URBANDALE-One of the stops on Texas Governor Rick Perry’s latest visit to Iowa included a visit to the Republican Victory headquarters in Urbandale. That’s where the GOP campaigns are laying the groundwork for a successful election year. Perry’s mission was to motivate volunteers to remain engaged in the 2014 races, even if they think governor’s race is not close.
“I know you think he’s got a cakewalk and he probably does,” Perry said as Branstad smiled and nodded his head in disagreement. “The fact is, how he does is going to impact that United States Senate race. You realize that you have a great opportunity to make history. I can’t even remember back when Harkin wasn’t in it.”
Perry has frequently visited Iowa since his disappointing finish in the 2012 caucuses. Coming off major back surgery just six weeks earlier, Perry was not in top form when he entered the presidential race in August 2011. Now, he is more prepared, having learned from the mistakes of that campaign. If the Texas governor does run for president again 2016, he hopes the First-in-the-Nation caucus state will boast two Republican U.S. Senators.
“Even if (Branstad’s) 20 points ahead, pedal to the metal,” Perry told attendees. “Keep doing what you know will make a difference on turnout because there is nothing that would be more powerful for this country than a state that’s probably been purple, even blue at times, to be bright red and sending the message that we believe in freedom.”
A crowd of 75 volunteers, activists and GOP officials were on hand for Perry’s visit. He worked the room, shaking hands and posing for pictures with many of them. Then, during a 13-minute speech, the Texas governor heaped huge amounts of praise on Iowa’s chief executive.
“The future of our country is to make sure people like Terry are still in office,” Perry said. “I cannot tell you how important it is for you and for me to do everything we can.”
Governor Perry is also visiting early presidential primary states South Carolina and Florida soon to campaign for two more Republican governors up for reelection this year, Nikki Haley and Rick Scott.
“Those are the types of governors that I want to see in state capitols all across this country because when our states are competing against each other, whey they’re putting policies into place to make their state become more competitive, our country becomes stronger,” Perry said.
The high praise and admiration was mutual. Governor Branstad introduced Perry to the crowd, calling him a good friend. Branstad also spoke of the Texas governor’s many accomplishments in office.

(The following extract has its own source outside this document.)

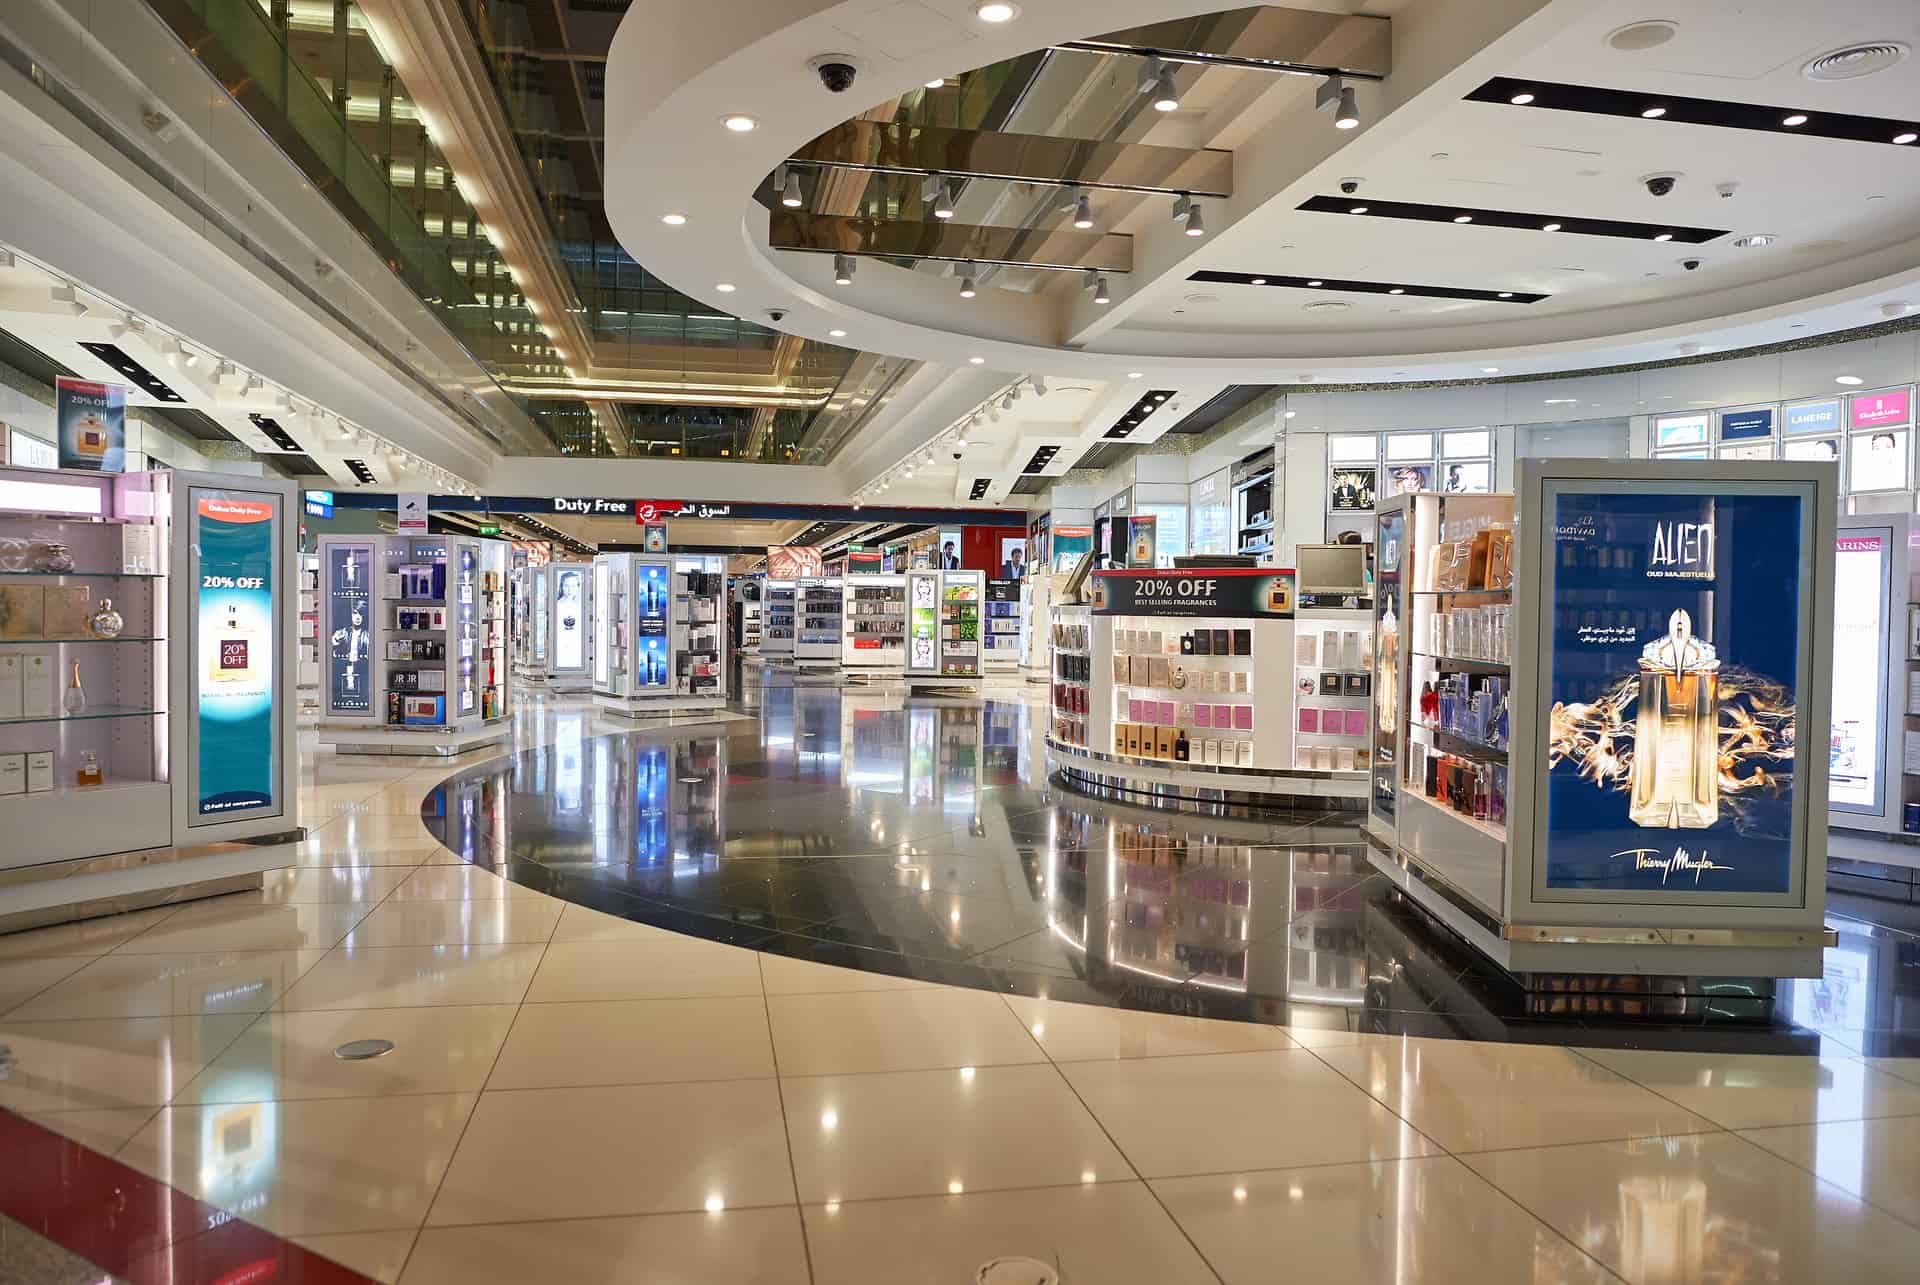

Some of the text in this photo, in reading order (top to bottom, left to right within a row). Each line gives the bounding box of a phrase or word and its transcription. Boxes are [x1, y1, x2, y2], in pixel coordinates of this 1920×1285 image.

“Next to me, Governor Perry has served the longest of the present governors. He’s served 14 years as the governor of Texas and look at the history of those 14 years. Texas used to be a Democratic state. It ain’t no more,” Branstad said to applause from the crowd. “Under Governor Perry’s leadership, they have led the country in terms of job growth and population growth and really a strong, diversified economy.”
During the 2012 campaign, Rick Perry often delivered speeches using a prepared script. He used no such prop on Thursday and his speech came across as more genuine and more energetic than some of his previous ones in Iowa.
For a fleeting moment, Rick Perry was the GOP presidential frontrunner during the fall of 2011. Now, looser, more prepared and healthier, Perry could emerge as a much stronger 2016 candidate.
Until that race begins in earnest, Governor Perry will work to help Republicans around the country win gubernatorial contests. This will be his final year as Texas’ chief executive. Perry feels confident Republican Greg Abbott will succeed him after dispatching pro-abortion Democrat Wendy Davis in the general election.
The Texas race is one of 37 governors’ seats on the ballot in 2014. Perry says he hopes a lot more Republicans like Terry Branstad emerge victorious this year.
“I think the future of America is with people like Terry Branstad,” Perry said.